非诺贝特与依折麦布联合用药(非诺贝特+依折麦布)对主要脂质和脂蛋白、低密度脂蛋白胆固醇(LDL-C)、甘油三酯、高密度脂蛋白胆固醇(HDL-C)和非HDL-C水平产生了互补且有益的作用,并且在混合性高脂血症患者中耐受性良好。本分析评估了非诺贝特和依折麦布作为单一疗法及联合用药时,对这些患者脂蛋白亚组分和LDL颗粒大小分布的影响。在一项为期12周的多中心、随机、双盲、安慰剂对照、平行组研究中,混合性高脂血症患者按1:3:3:3的比例随机分为4个治疗组之一:安慰剂组、非诺贝特160毫克/天组、依折麦布10毫克/天组或非诺贝特160毫克/天+依折麦布10毫克/天组。在基线和研究终点,采用垂直自动谱II法测量与2个极低密度脂蛋白(VLDL)亚组分(VLDL-C1+2和VLDL-C3)、中间密度脂蛋白(IDL-C)、4个LDL亚组分(LDL-C1至LDL-C4,从最漂浮到最致密)、脂蛋白(Lp)(a)以及2个HDL-C亚组分(HDL-C2和HDL-C3)相关的胆固醇。

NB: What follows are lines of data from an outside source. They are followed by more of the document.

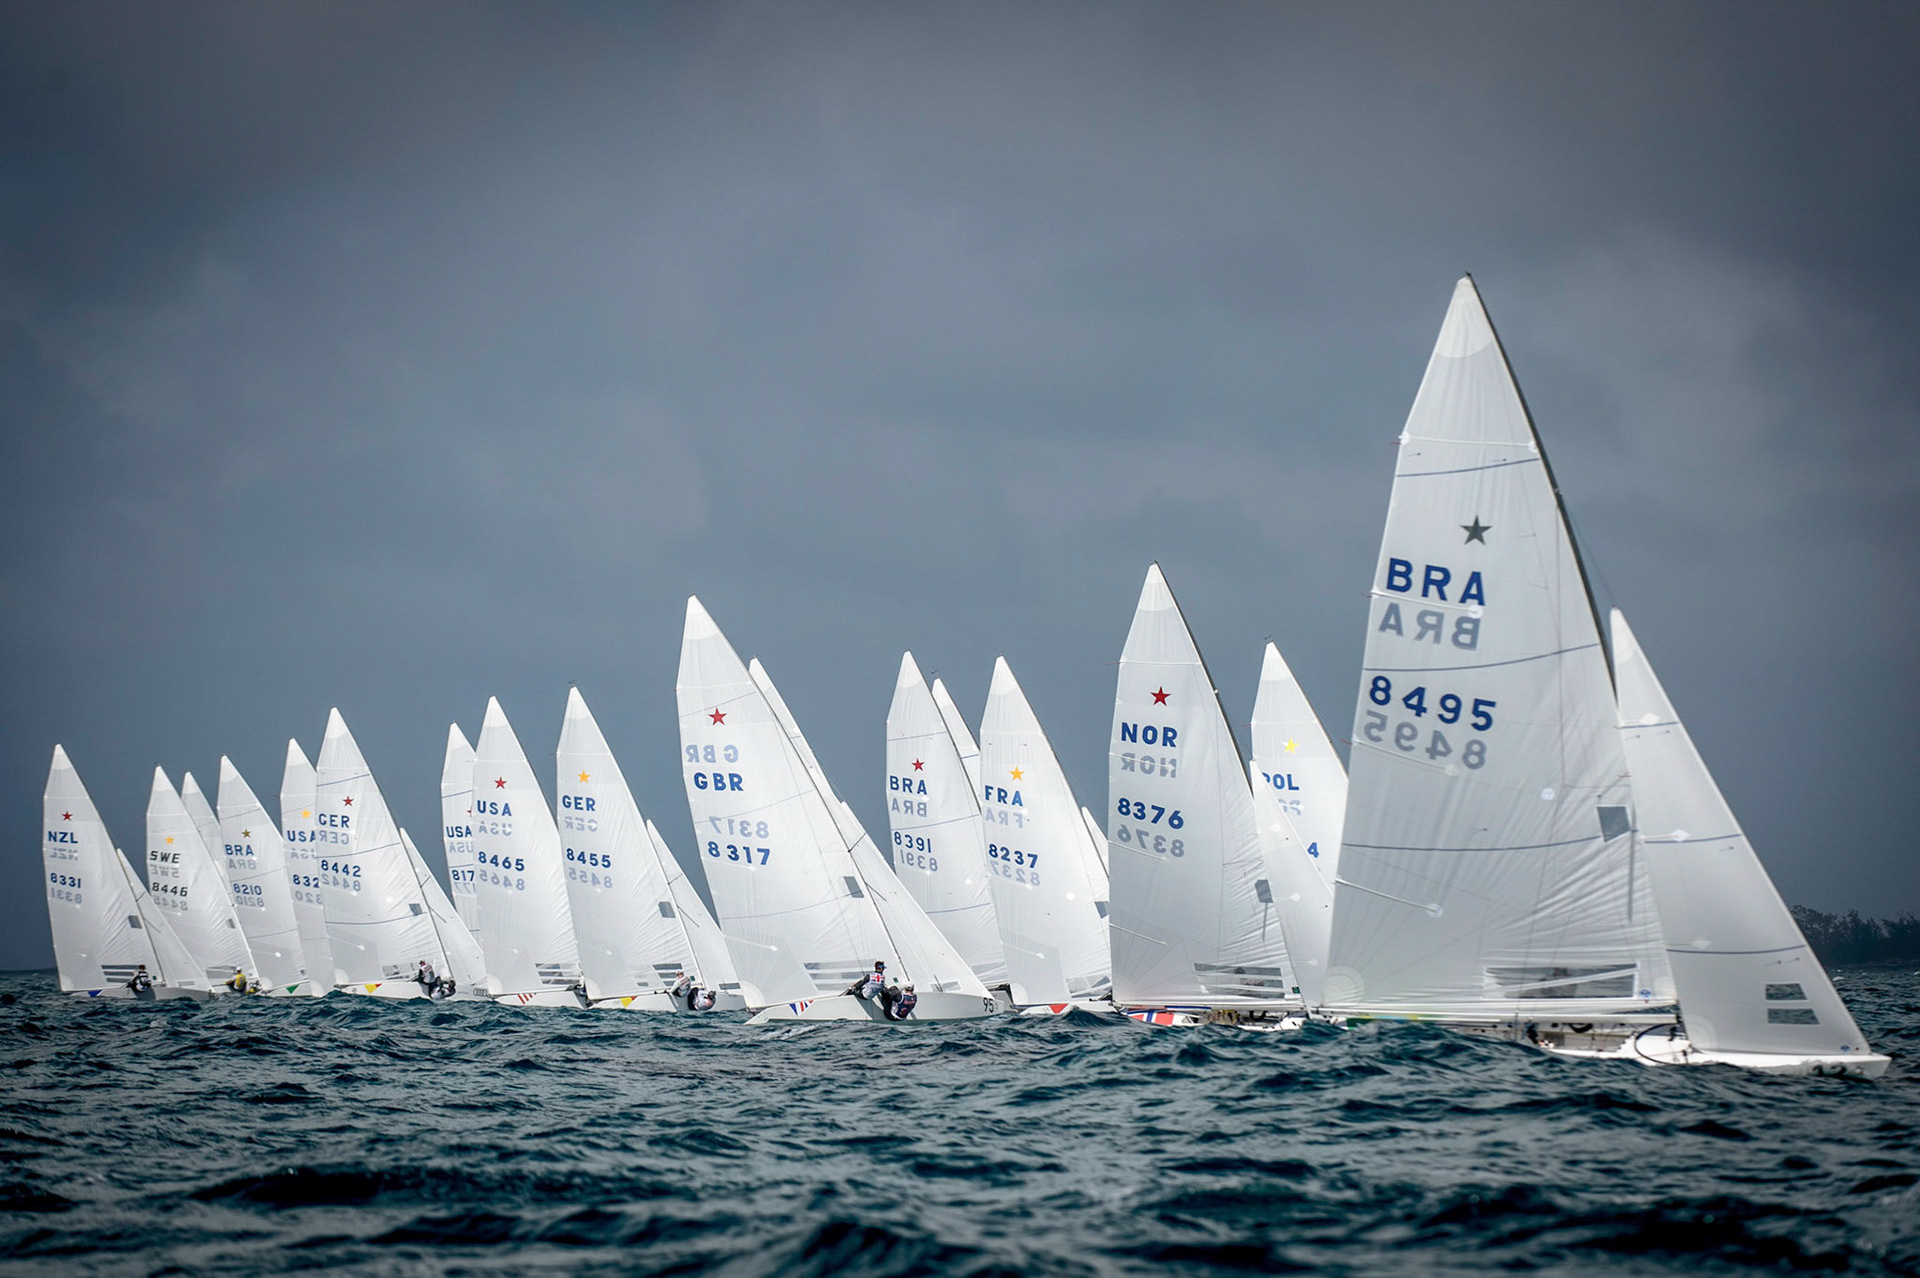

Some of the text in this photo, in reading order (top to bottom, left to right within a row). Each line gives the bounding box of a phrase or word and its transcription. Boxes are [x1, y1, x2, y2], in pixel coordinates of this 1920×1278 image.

[1386, 557, 1486, 606] BRA
[1369, 675, 1496, 732] 8495
[1121, 722, 1178, 747] NOR
[693, 772, 744, 791] GBR
[889, 775, 928, 795] BRA
[562, 794, 596, 812] GER
[984, 784, 1024, 807] FRA
[477, 799, 512, 817] USA
[1117, 797, 1184, 830] 8376
[318, 813, 350, 829] GER
[47, 830, 79, 844] NZL
[446, 825, 473, 838] USA
[224, 844, 254, 857] BRA
[893, 831, 932, 854] 8391
[149, 850, 181, 864] SWE
[478, 851, 525, 872] 8465
[566, 848, 612, 868] 8455
[707, 840, 770, 866] 8317
[988, 843, 1038, 869] 8237
[320, 859, 361, 878] 8442
[451, 869, 475, 882] 817
[50, 872, 82, 889] 8331
[152, 881, 189, 897] 8446
[232, 882, 263, 896] 8210
[292, 874, 320, 889] 832
[983, 997, 995, 1014] 95
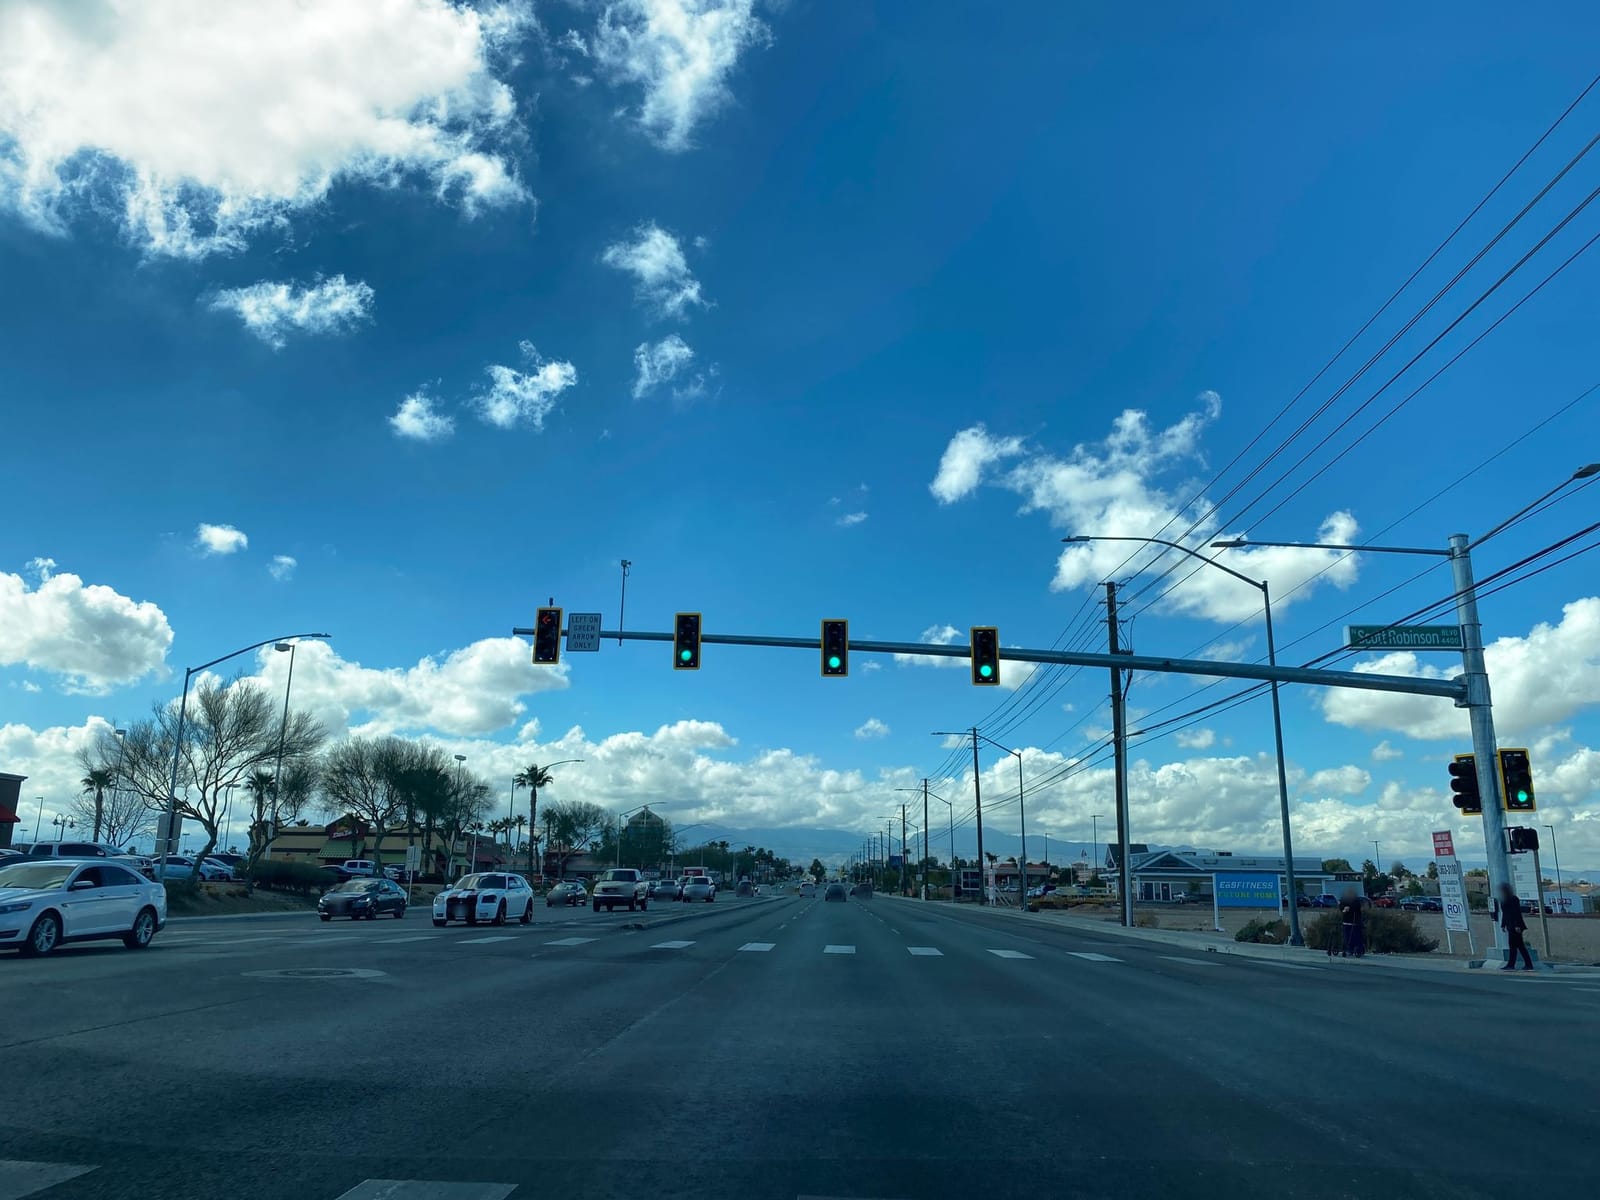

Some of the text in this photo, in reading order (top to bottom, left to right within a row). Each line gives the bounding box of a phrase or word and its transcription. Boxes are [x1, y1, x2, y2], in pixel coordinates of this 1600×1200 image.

[1357, 629, 1388, 644] Scott
[1388, 629, 1440, 644] Robinson
[1441, 629, 1458, 637] BLVD

使用分段梯度凝胶电泳测定LDL颗粒大小。非诺贝特降低了VLDL、IDL和致密LDL(主要是LDL-C4)亚组分中的胆固醇质量,并增加了更漂浮的LDL-C2亚组分中的胆固醇质量,这与向更漂浮的LDL峰值颗粒大小转变一致。依折麦布降低了所有含载脂蛋白B颗粒(如VLDL-C、IDL-C和LDL-C)中的胆固醇质量,但未导致LDL颗粒大小分布曲线发生偏移。非诺贝特与依折麦布联合用药促使VLDL-C、IDL-C和LDL-C更显著降低,且致密LDL亚组分优先减少。非诺贝特和非诺贝特+依折麦布促使HDL-C2和HDL-C3有相似程度的升高。采用垂直自动谱II法评估,非诺贝特+依折麦布联合用药在混合性高脂血症患者的脂蛋白组分和亚组分中产生了互补且有益的变化。这些变化反映了非诺贝特在降低富含甘油三酯的脂蛋白以及促使LDL颗粒分布曲线向更大、更漂浮颗粒转变方面的联合作用,以及依折麦布在促使整个载脂蛋白B颗粒谱中的胆固醇质量降低方面的作用。